El Gobierno ha decidido jubilar los triángulos de emergencia y blindar la baliza V16 como único dispositivo de señalización. La medida es legal, pero su entrada en vigor ha sido un caos. Bruselas primero cuestionó el proceso por un error de notificación y luego lo avaló. Demasiado lío para una lucecita con imán que, eso sí, el conductor ya está pagando mientras tira a la basura unos triángulos que aún funcionaban.
Así funciona la baliza V16: tecnología simple, pero con enchufe 🔌
La V16 es un dispositivo autónomo con batería, luz naranja intermitente y un imán para fijarlo al techo. Su alcance visual supera al del triángulo y evita que el conductor se baje del coche en el arcén.
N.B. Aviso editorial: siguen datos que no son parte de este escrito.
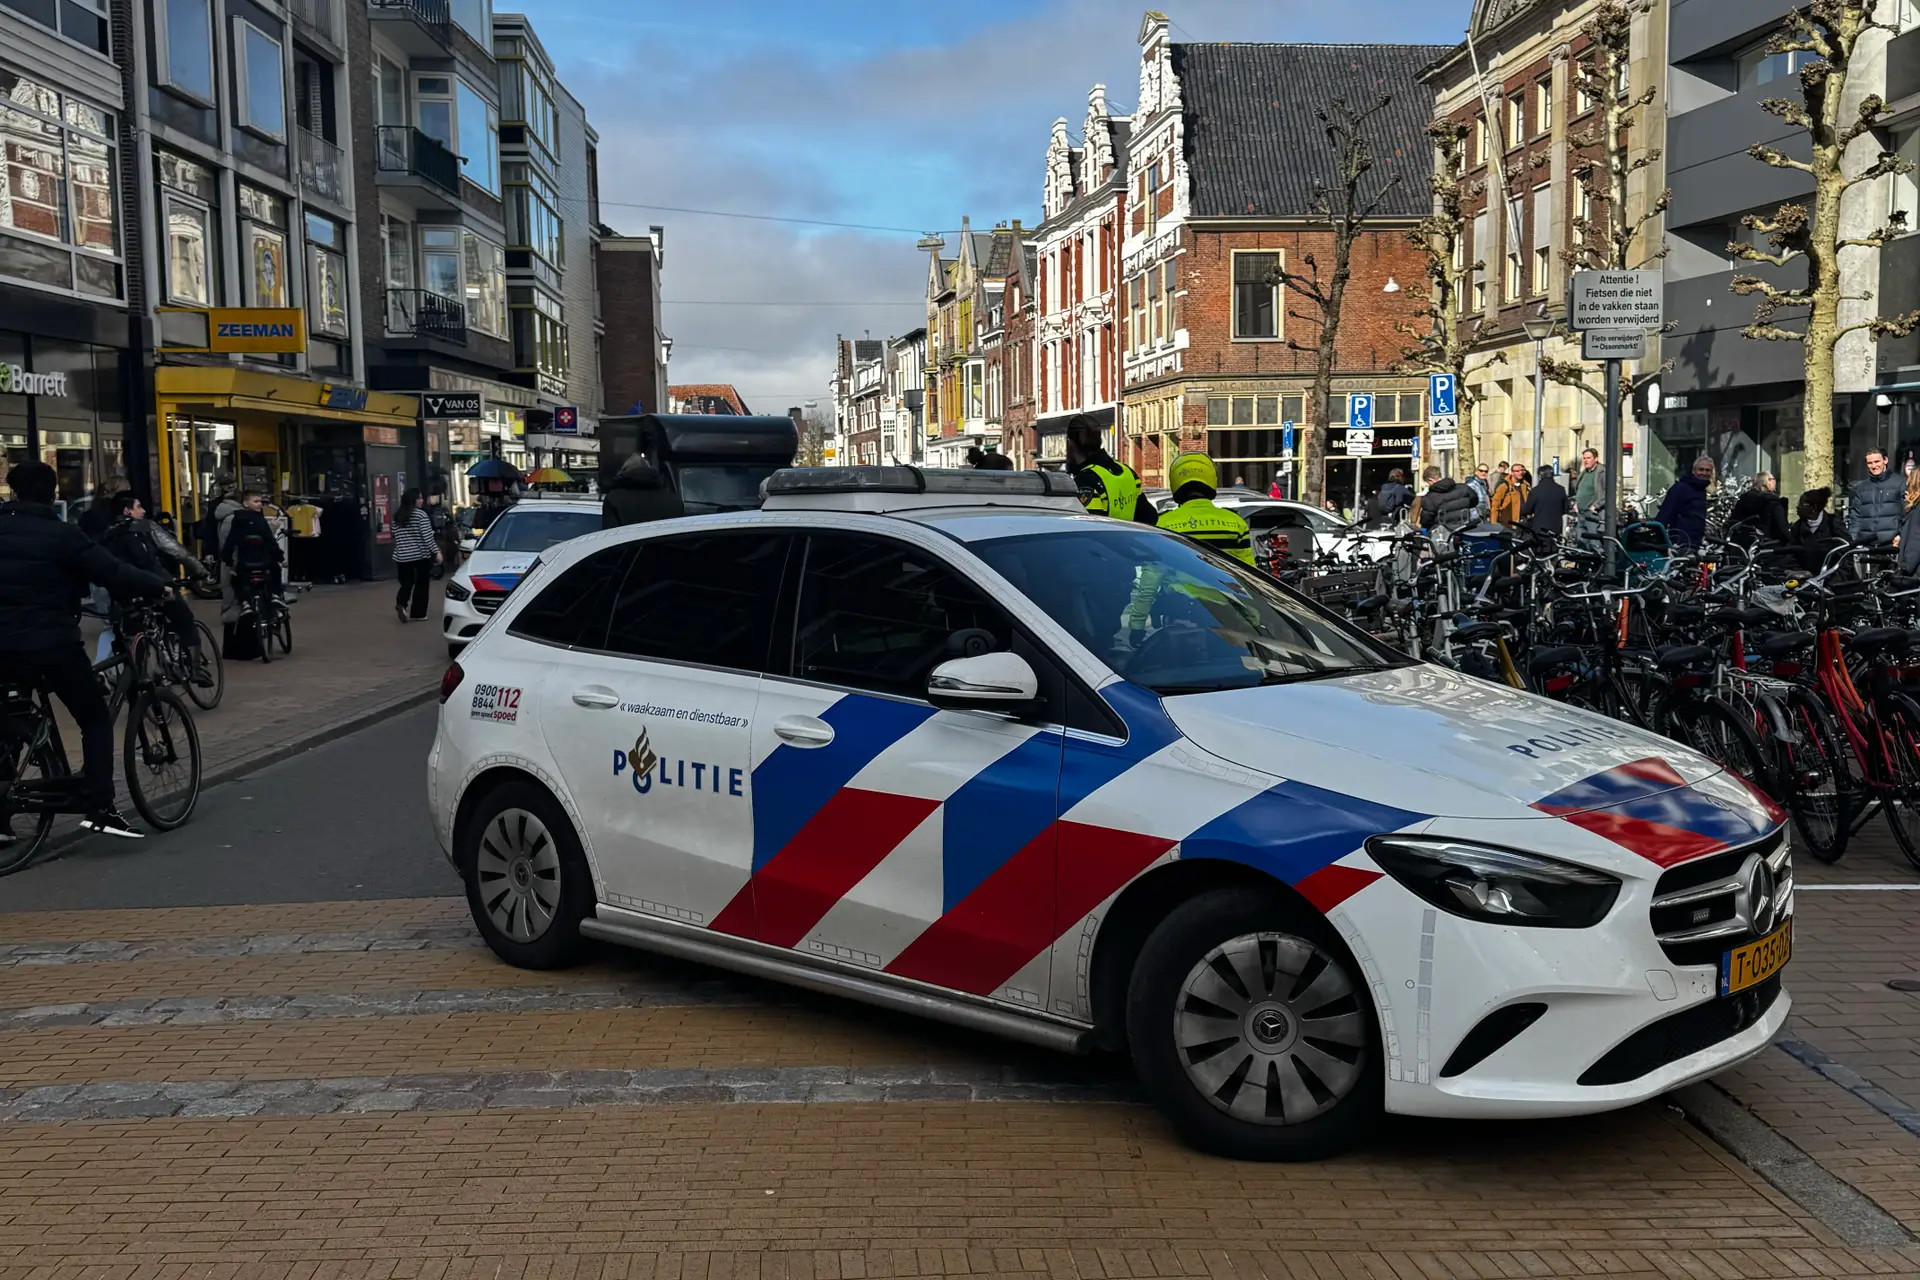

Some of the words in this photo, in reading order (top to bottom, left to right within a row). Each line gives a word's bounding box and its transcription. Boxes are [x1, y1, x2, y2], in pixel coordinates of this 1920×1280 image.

[1599, 275, 1634, 284] Attentie
[1586, 288, 1618, 298] Fietsen
[1620, 288, 1634, 297] die
[1635, 288, 1653, 297] niet
[1578, 301, 1587, 311] in
[1589, 301, 1600, 311] de
[1602, 301, 1632, 310] vakken
[1634, 302, 1659, 310] staan
[1578, 315, 1611, 324] worden
[1613, 314, 1660, 325] verwijderd
[217, 323, 294, 337] ZEEMAN
[1591, 334, 1607, 342] Fiets
[11, 364, 68, 397] Barrett
[444, 400, 465, 409] VAN
[466, 400, 479, 409] OS
[1382, 438, 1414, 447] BEANS
[475, 684, 498, 697] 0900
[472, 696, 494, 710] 8844
[498, 687, 521, 709] 112
[493, 710, 518, 722] spoed
[676, 709, 689, 719] en
[1506, 727, 1628, 759] POLITIE
[612, 749, 744, 797] POLITIE
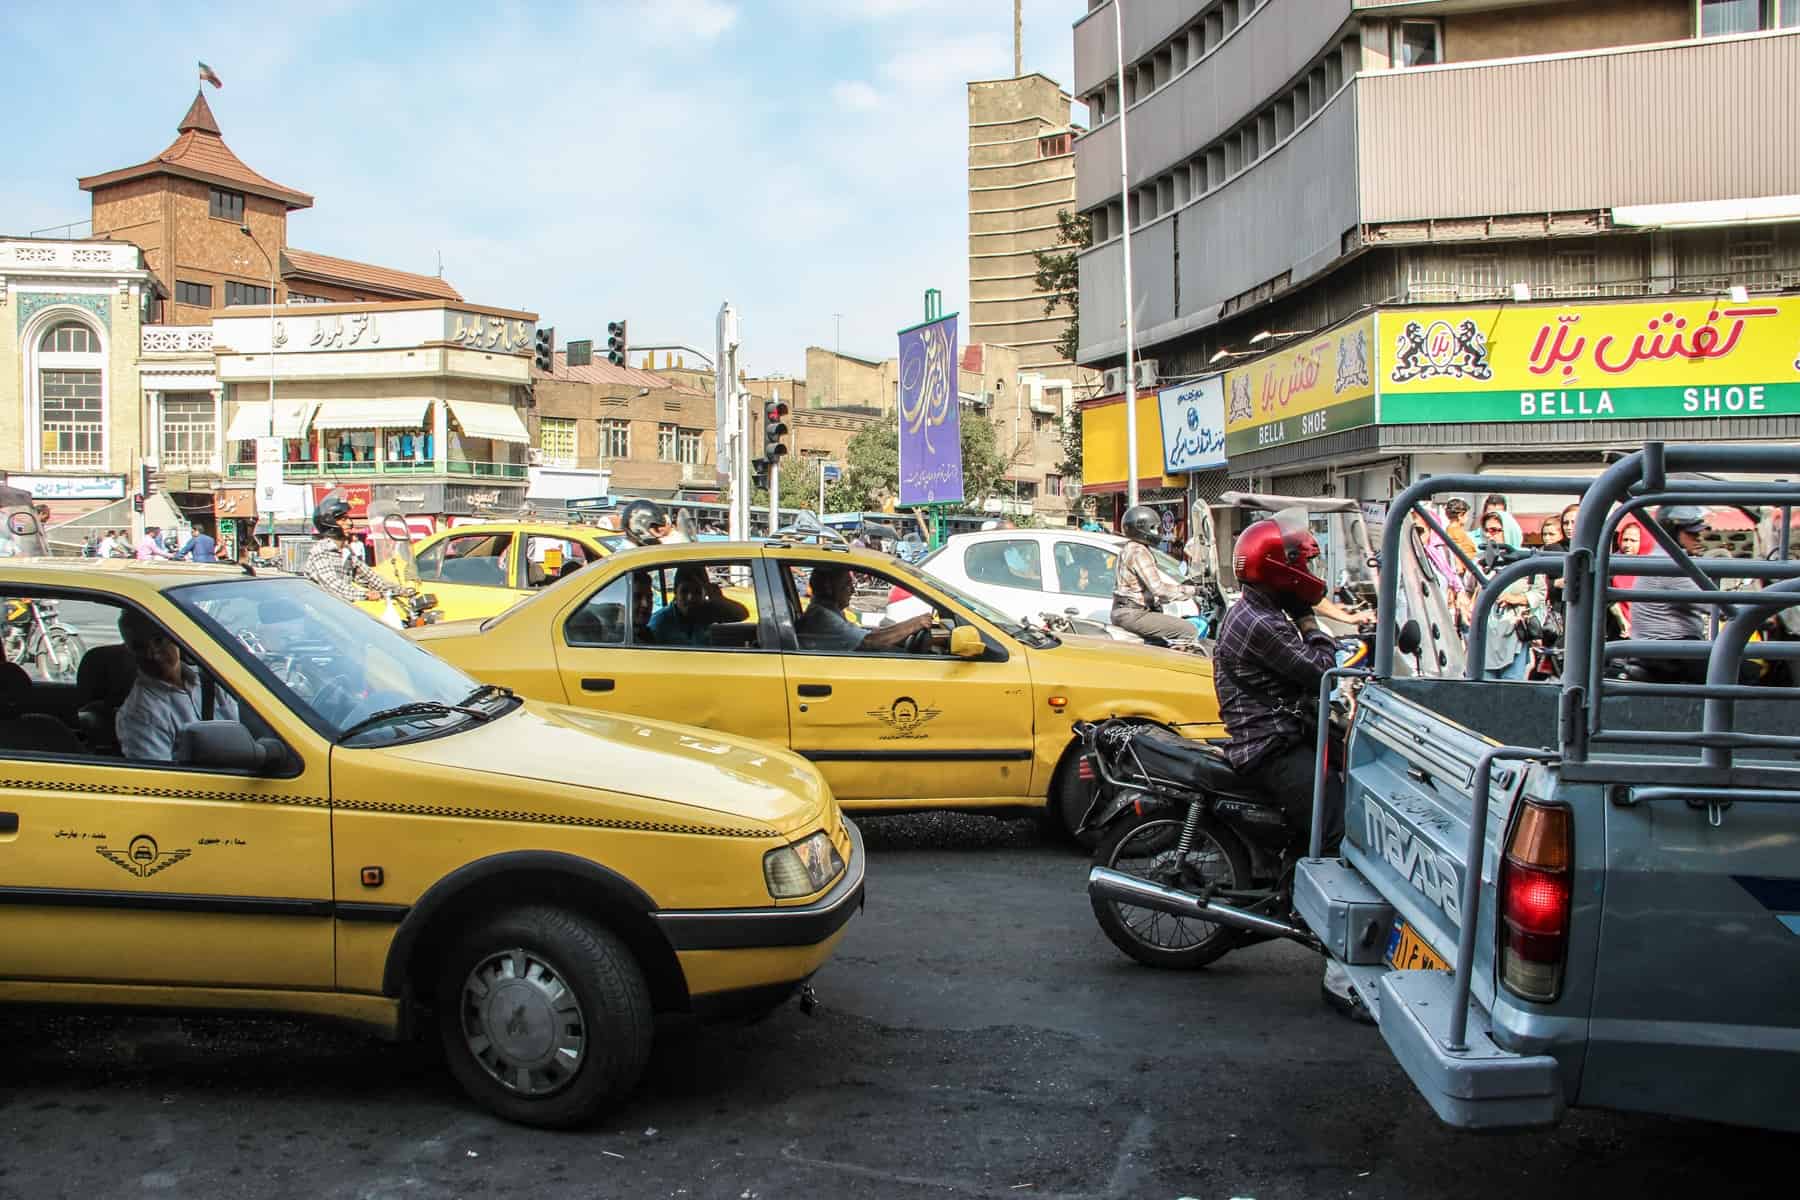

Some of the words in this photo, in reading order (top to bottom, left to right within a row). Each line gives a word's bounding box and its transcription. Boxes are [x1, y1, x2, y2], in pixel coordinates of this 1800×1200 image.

[1594, 308, 1778, 373] کفش
[1278, 342, 1330, 406] کفش
[1520, 391, 1614, 415] BELLA
[1683, 386, 1765, 411] SHOE
[1259, 422, 1285, 444] BELLA
[1302, 410, 1327, 435] SHOE
El problema técnico no está en el aparato, sino en la gestión: la DGT exige que esté homologada y conectada a su plataforma, pero los plazos se han movido varias veces. Al final, el usuario compra un chisme que vale entre 30 y 50 euros, y el resto es papeleo.
La chapuza perfecta: cambiar la norma y que la paguen los mismos 💸
Lo mejor de todo es que, mientras políticos y funcionarios cobran su sueldo sin novedad, el conductor se come el marrón. Compra baliza, tira triángulos, se entera de que Bruselas se quejó, luego que no, y al final todo sigue igual. La próxima vez que te pares en el arcén, pon la lucecita, sonríe y recuerda: la seguridad vial es lo primero, pero la improvisación también tiene su coste. Y tú, como siempre, pagas la cena.